==== Information supplied

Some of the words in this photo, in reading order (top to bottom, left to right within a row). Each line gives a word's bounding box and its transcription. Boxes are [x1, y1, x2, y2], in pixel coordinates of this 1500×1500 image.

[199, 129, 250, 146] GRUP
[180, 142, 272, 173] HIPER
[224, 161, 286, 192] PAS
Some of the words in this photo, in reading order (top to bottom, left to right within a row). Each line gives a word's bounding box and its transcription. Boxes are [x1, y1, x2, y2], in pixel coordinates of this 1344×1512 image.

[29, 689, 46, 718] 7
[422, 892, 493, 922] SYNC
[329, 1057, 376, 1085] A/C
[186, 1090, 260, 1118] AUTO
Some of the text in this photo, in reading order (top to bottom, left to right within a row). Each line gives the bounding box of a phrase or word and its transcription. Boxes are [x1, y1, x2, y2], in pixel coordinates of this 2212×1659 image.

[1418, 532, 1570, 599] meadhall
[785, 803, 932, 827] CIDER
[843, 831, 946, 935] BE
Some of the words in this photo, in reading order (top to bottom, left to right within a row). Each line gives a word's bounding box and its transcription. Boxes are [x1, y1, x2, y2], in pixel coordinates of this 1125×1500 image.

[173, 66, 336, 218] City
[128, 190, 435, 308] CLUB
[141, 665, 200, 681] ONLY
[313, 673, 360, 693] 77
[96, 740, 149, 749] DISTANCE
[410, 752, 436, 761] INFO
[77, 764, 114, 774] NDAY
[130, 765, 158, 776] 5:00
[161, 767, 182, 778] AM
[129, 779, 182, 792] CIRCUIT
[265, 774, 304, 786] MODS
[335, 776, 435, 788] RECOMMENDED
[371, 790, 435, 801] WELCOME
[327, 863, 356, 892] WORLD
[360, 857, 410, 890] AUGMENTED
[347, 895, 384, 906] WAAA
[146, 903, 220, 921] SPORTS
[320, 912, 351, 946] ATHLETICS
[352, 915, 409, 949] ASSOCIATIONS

========

### Your goal
The answer must be the full listing, written out word for word.

### Answer for this exercise
Some of the words in this photo, in reading order (top to bottom, left to right within a row). Each line gives a word's bounding box and its transcription. Boxes are [x1, y1, x2, y2], in pixel coordinates of this 1500×1500 image.

[199, 129, 250, 146] GRUP
[180, 142, 272, 173] HIPER
[224, 161, 286, 192] PAS
Some of the words in this photo, in reading order (top to bottom, left to right within a row). Each line gives a word's bounding box and its transcription. Boxes are [x1, y1, x2, y2], in pixel coordinates of this 1344×1512 image.

[29, 689, 46, 718] 7
[422, 892, 493, 922] SYNC
[329, 1057, 376, 1085] A/C
[186, 1090, 260, 1118] AUTO
Some of the text in this photo, in reading order (top to bottom, left to right within a row). Each line gives the bounding box of a phrase or word and its transcription. Boxes are [x1, y1, x2, y2], in pixel coordinates of this 2212×1659 image.

[1418, 532, 1570, 599] meadhall
[785, 803, 932, 827] CIDER
[843, 831, 946, 935] BE
Some of the words in this photo, in reading order (top to bottom, left to right within a row). Each line gives a word's bounding box and its transcription. Boxes are [x1, y1, x2, y2], in pixel coordinates of this 1125×1500 image.

[173, 66, 336, 218] City
[128, 190, 435, 308] CLUB
[141, 665, 200, 681] ONLY
[313, 673, 360, 693] 77
[96, 740, 149, 749] DISTANCE
[410, 752, 436, 761] INFO
[77, 764, 114, 774] NDAY
[130, 765, 158, 776] 5:00
[161, 767, 182, 778] AM
[129, 779, 182, 792] CIRCUIT
[265, 774, 304, 786] MODS
[335, 776, 435, 788] RECOMMENDED
[371, 790, 435, 801] WELCOME
[327, 863, 356, 892] WORLD
[360, 857, 410, 890] AUGMENTED
[347, 895, 384, 906] WAAA
[146, 903, 220, 921] SPORTS
[320, 912, 351, 946] ATHLETICS
[352, 915, 409, 949] ASSOCIATIONS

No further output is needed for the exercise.